# Strange Winter Roof Leak



## Dragon (Aug 1, 2006)

Of course this happened on the day my family was coming over to celebrate Christmas with us. While cooking the meal prior to their arrival water started dripping down out of the exhaust hood above our gas cook top. A pretty steady dripping of water that was not quite a continuous drizzle. This occurred just before noon.

The weather conditions were that we had just gotten a bunch of snow earlier in the week but it had all pretty much melted the day before and it had been lightly raining off and on that morning. Going outside to look at the roof showed the roof completely clear of all snow & ice. All you could see were wet shingles. No damage was visible.

I then went up into the attic to see what I could find about what was happening. Crawling through the roof trusses while trying to not compact the blown in insulation was a challenge. I made it over to the area where the water was coming through into the kitchen and found that while the water was coming down through the exhaust hood that the duct work and exhaust fan were not where the water was coming through the roof itself.

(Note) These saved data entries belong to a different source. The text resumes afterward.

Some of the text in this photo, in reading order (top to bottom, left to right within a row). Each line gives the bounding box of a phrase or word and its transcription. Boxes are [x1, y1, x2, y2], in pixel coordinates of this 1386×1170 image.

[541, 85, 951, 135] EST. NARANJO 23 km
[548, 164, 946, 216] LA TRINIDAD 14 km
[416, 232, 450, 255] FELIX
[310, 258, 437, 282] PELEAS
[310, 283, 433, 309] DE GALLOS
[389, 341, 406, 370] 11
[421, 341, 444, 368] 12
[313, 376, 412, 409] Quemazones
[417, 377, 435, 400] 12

The water was coming right through the plywood where there was a nail penetration. This was then dripping straight down into teh insulation and onto the top of the ceiling right where the hood duct penetrates into the kitchen below. I brought up a bucket and placed it under the leak to catch the water. It dripped for a couple of more hours and then stopped. All together I collected about a gallon of water & then it stopped and no further water came through. (The Hood vent has a remote blower unit that is mounted on the roof.)

House/roof info: The house is only a year old. 50 year shingles on the roof laid over ½ inch plywood. Soffit/Ridge venting. Blown in insulation R50 or better. There are two rows of the rubber ice dam membrane protecting the bottom 6ft of the roof line. House located in South East Wisconsin.

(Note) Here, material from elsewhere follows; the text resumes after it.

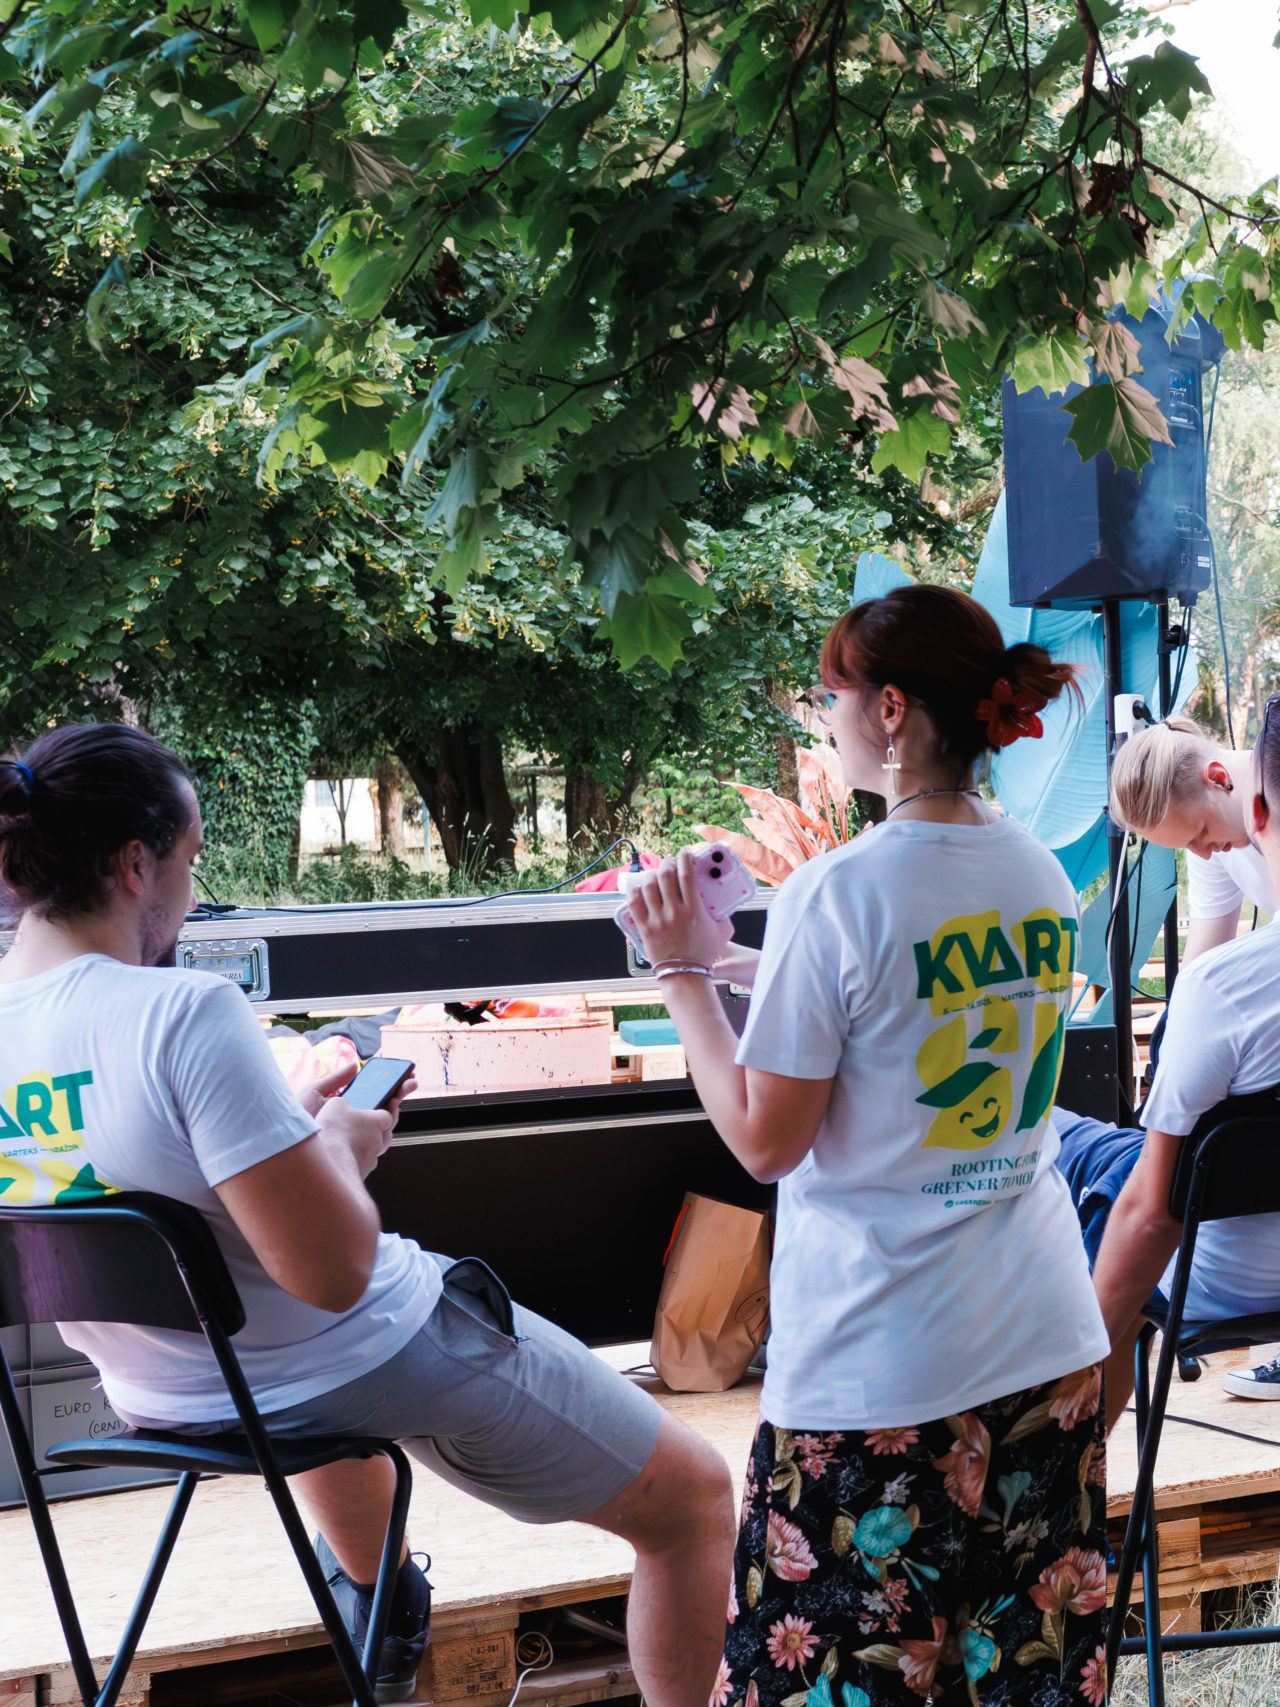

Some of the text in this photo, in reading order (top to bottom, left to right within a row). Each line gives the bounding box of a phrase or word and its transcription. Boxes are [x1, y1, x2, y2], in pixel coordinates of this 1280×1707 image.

[913, 917, 1079, 999] KVART
[951, 1155, 1021, 1177] ROOTING
[921, 1177, 998, 1195] GREENER
[54, 1402, 91, 1418] EURO

The leak occurred above the line where the ice dam rubber membrane is affixed to the roof right in the middle of a sheet of plywood. Attached is a picture of the leak as it was occurring. The water is coming through from the uppermost nail penetration and then running down a couple of inches till it hits the lower nail and then running down that nail to drip into the house.

My thoughts are that this leak occurred due to some kind of freak mini ice dam under the shingles. Water must have become trapped under the shingles and dripped in until it was a gone or the dam finally melted through and the water went down the roof to the gutter. What is strange is that there was no visible ice or snow on the roof when this happened. Anyone experienced something like this? There have also never been any typical ice dams occurring anywhere else on this roof, no icicles etc. either last year or this year. 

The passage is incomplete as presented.